§ **What to produce**
Repeat every line of the data exactly; no picture belongs in the copy.

§ **Source information**
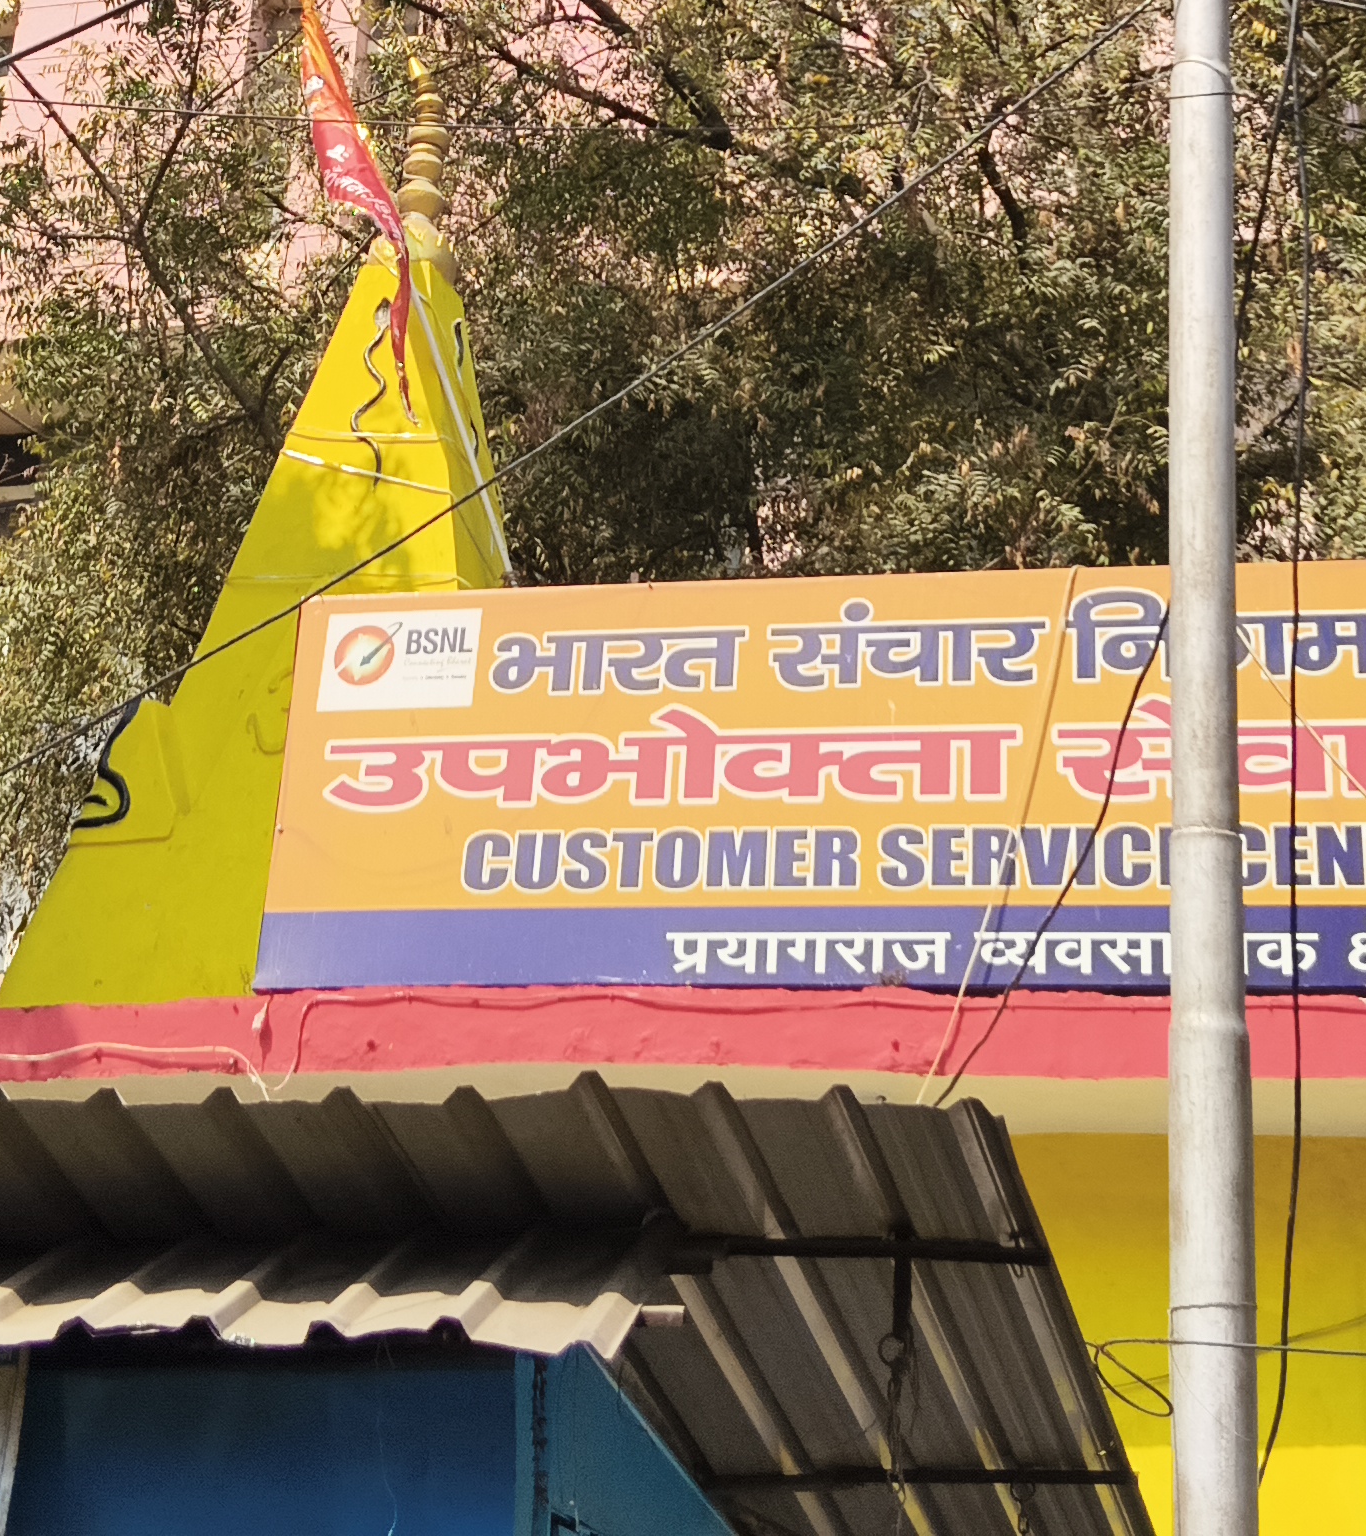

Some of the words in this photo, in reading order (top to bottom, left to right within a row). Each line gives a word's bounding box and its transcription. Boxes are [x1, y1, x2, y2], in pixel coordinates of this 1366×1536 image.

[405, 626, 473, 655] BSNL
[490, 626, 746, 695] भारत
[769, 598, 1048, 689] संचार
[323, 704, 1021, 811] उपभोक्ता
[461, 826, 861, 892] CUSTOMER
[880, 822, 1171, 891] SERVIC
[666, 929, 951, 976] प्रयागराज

§ **Answer for this exercise**
Some of the words in this photo, in reading order (top to bottom, left to right within a row). Each line gives a word's bounding box and its transcription. Boxes are [x1, y1, x2, y2], in pixel coordinates of this 1366×1536 image.

[405, 626, 473, 655] BSNL
[490, 626, 746, 695] भारत
[769, 598, 1048, 689] संचार
[323, 704, 1021, 811] उपभोक्ता
[461, 826, 861, 892] CUSTOMER
[880, 822, 1171, 891] SERVIC
[666, 929, 951, 976] प्रयागराज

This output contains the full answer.